Point your agentic tool at this file as a skill, or paste it in as instructions. The goal is a
**read-only** mental model — no edits happen here.
## When to use
At the start of any session on an unfamiliar repo, before any change is discussed.
## Rules
- **Read only.** Do not edit, create, or delete files while mapping. No exceptions.
- **Cite real paths.** Every claim about the code must point to a file and, ideally, a line range.
If you can't cite it, say "unverified" instead of guessing.
- **Breadth before depth.** Establish the whole shape before diving into any one area.
- **No conclusions from file names alone.** A file called `auth.py` may not be where auth lives.
## Steps
1. Read the orientation pack (from `orient.py`), the README, and any `CONTRIBUTING`,
`ARCHITECTURE`, or committed AI-instructions file. Treat these as claims to verify, not truth.
2. Identify the **entry points**: how does this thing start? (CLI `main`, web server, library
exports.) Name the exact file(s).
3. Trace **one representative request/command end to end** — from entry point to where it does its
real work and back. List the files it passes through, in order.
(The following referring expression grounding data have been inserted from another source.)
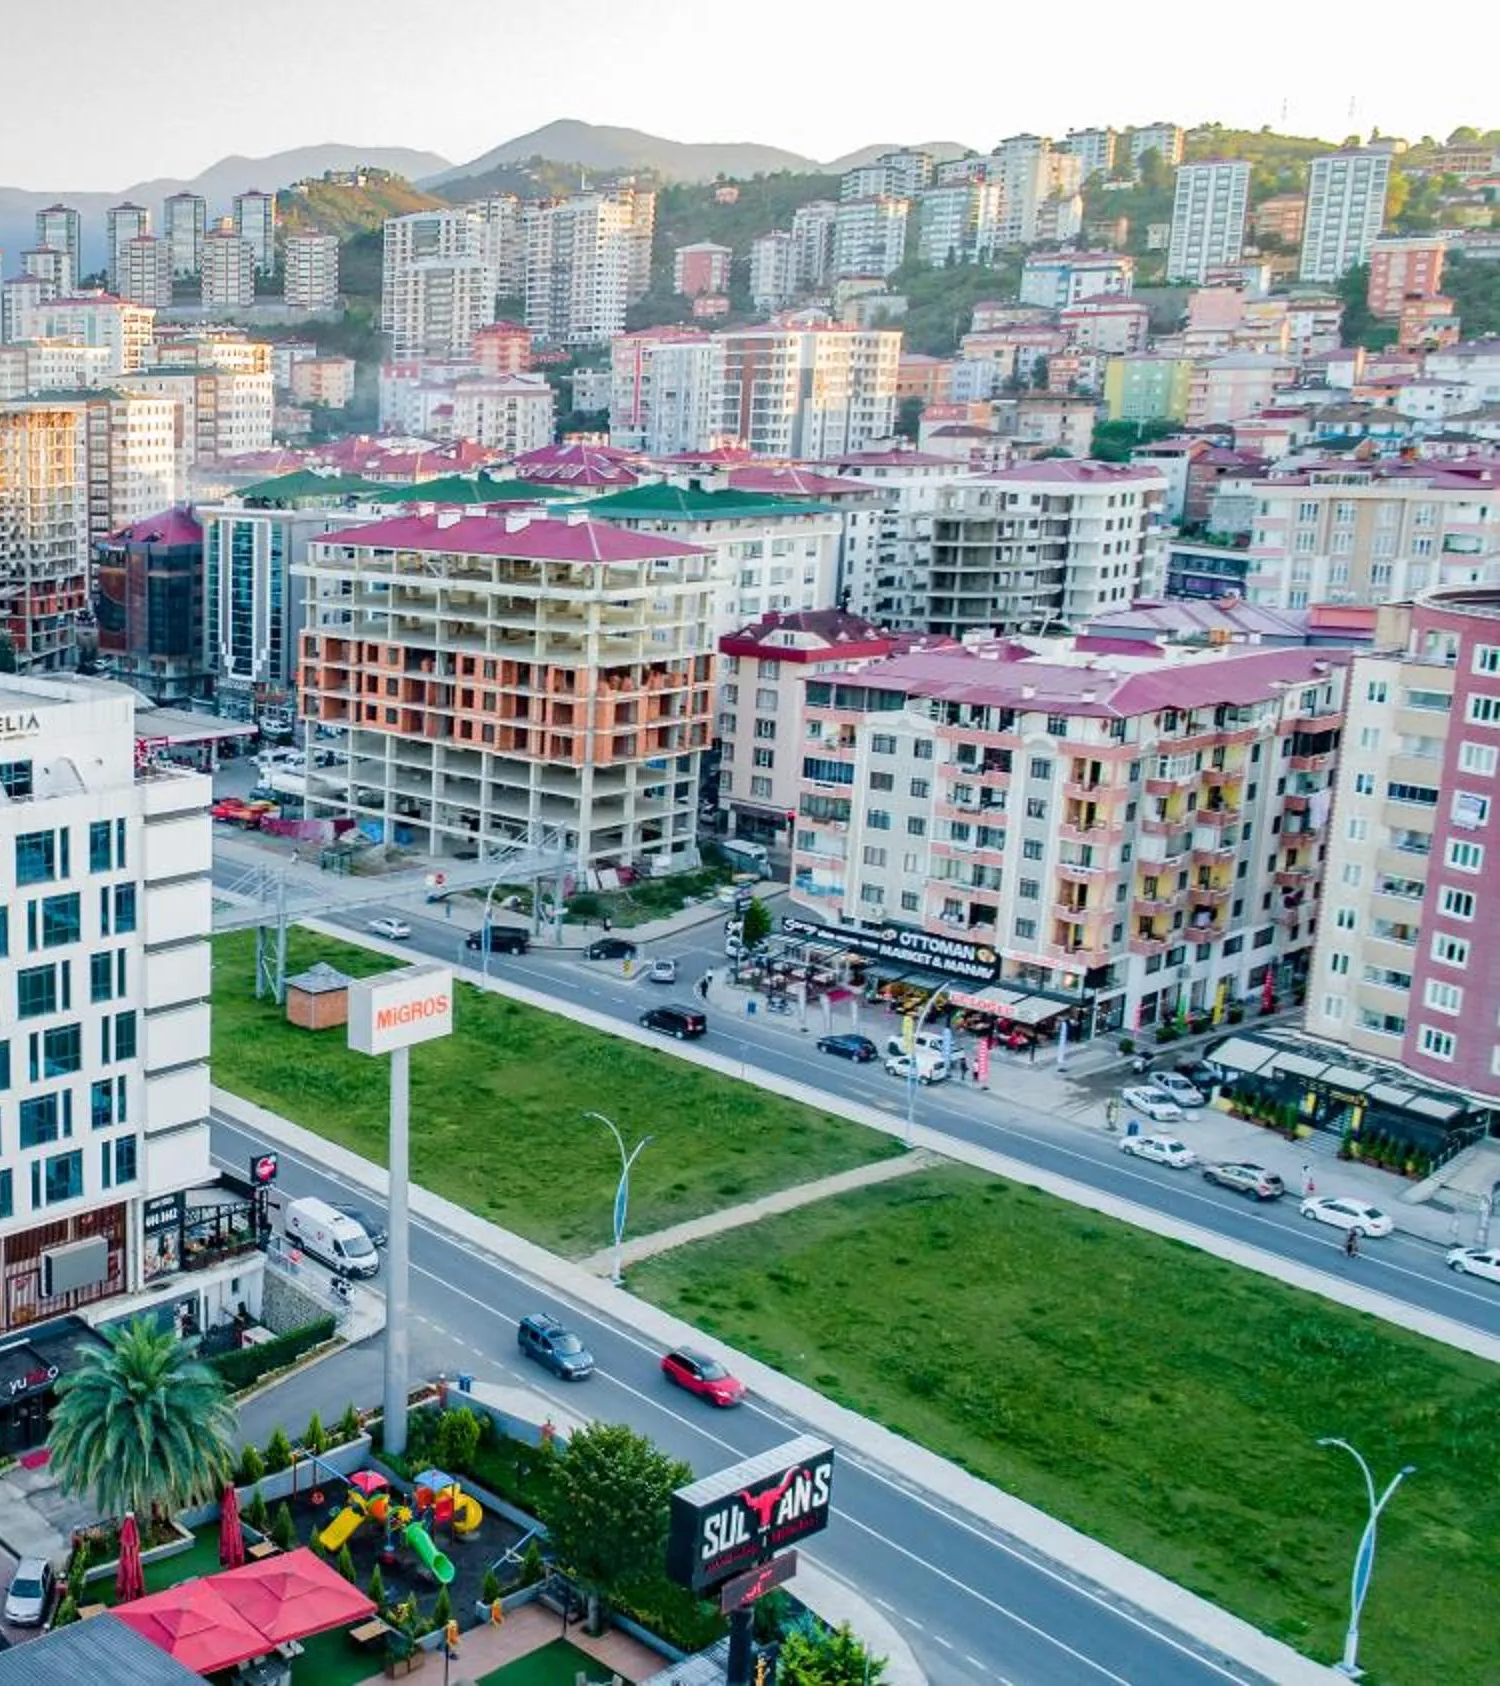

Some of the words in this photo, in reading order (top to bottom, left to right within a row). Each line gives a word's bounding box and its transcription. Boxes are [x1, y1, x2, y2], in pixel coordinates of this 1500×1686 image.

[879, 944, 933, 965] MARKET
[943, 960, 995, 980] MANAV
[899, 932, 975, 961] OTTOMAN
[701, 1463, 832, 1560] SULTANS
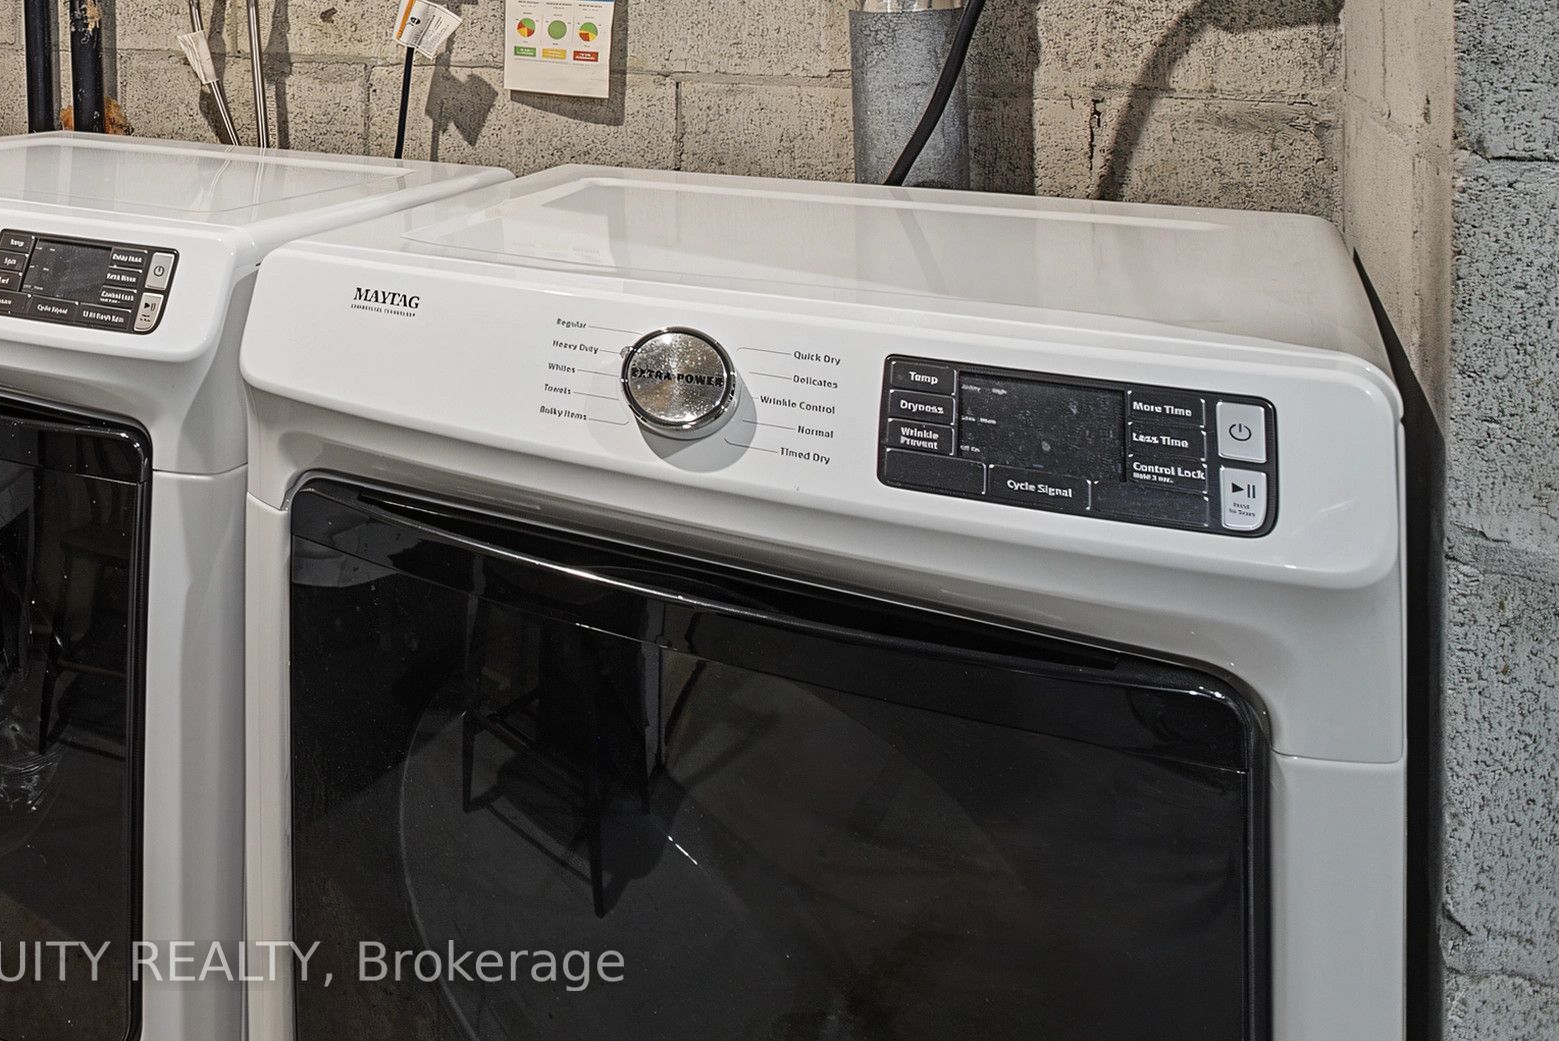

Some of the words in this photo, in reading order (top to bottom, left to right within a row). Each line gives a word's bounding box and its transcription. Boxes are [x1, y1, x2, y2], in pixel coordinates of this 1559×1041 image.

[352, 287, 420, 309] MAYTAG
[556, 317, 587, 329] Regular
[552, 340, 577, 351] Heavy
[579, 343, 599, 355] Duty
[793, 350, 821, 362] Quick
[823, 355, 841, 366] Dry
[548, 362, 576, 374] Whites
[630, 367, 672, 381] EXTRA
[677, 374, 725, 388] POWER
[793, 374, 838, 389] Delicates
[908, 371, 938, 385] Temp
[544, 383, 571, 395] Towels
[760, 395, 797, 409] Wrinkle
[799, 401, 835, 415] Control
[900, 399, 944, 414] Dryness
[1133, 401, 1162, 412] More
[1164, 405, 1192, 417] Time
[540, 405, 563, 418] Bulky
[564, 409, 587, 421] Items
[798, 425, 834, 439] Normal
[901, 426, 939, 440] Wrinkle
[900, 436, 938, 450] Prevent
[1132, 432, 1159, 444] Less
[1160, 436, 1189, 448] Time
[780, 446, 811, 461] Timed
[813, 453, 830, 466] Dry
[1133, 461, 1175, 476] Control
[1177, 467, 1206, 480] Lock
[1006, 479, 1036, 493] Cycle
[1037, 483, 1073, 498] Signal
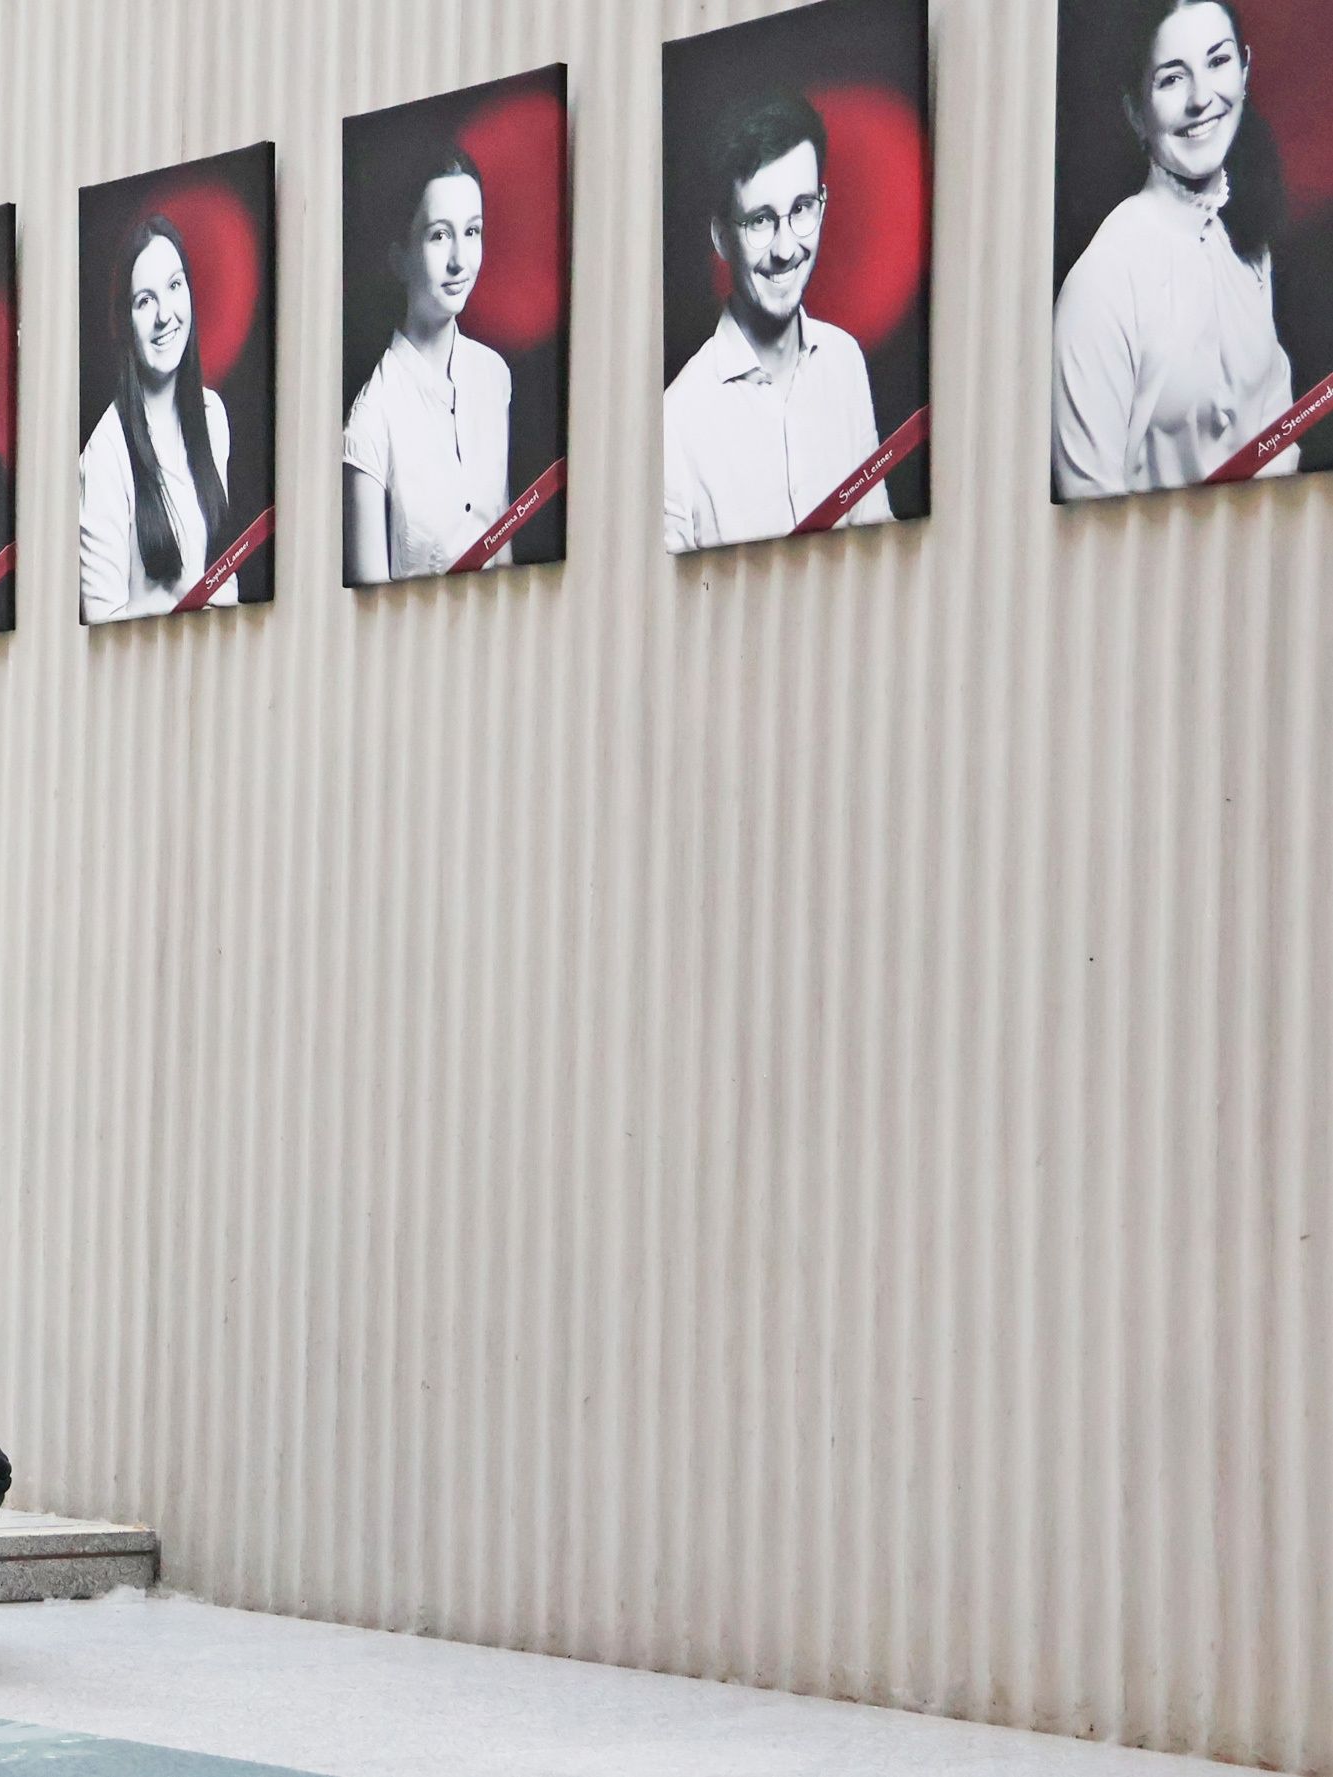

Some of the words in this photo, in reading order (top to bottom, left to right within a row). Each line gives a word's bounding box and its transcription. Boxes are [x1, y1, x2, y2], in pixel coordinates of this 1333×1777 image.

4. Produce an **architecture summary** (max ~1 page):
- One paragraph: what this project does and how it's structured.
- A "where things live" table: concern -> directory/file.
- The build/test/run commands, confirmed against the README or CI config.
- 3-5 things that surprised you or look risky to touch.
5. List **open questions** you could not resolve from the code. Do not paper over them.
## Output
A single Markdown summary. End with: "Verified against: <list of files actually read>."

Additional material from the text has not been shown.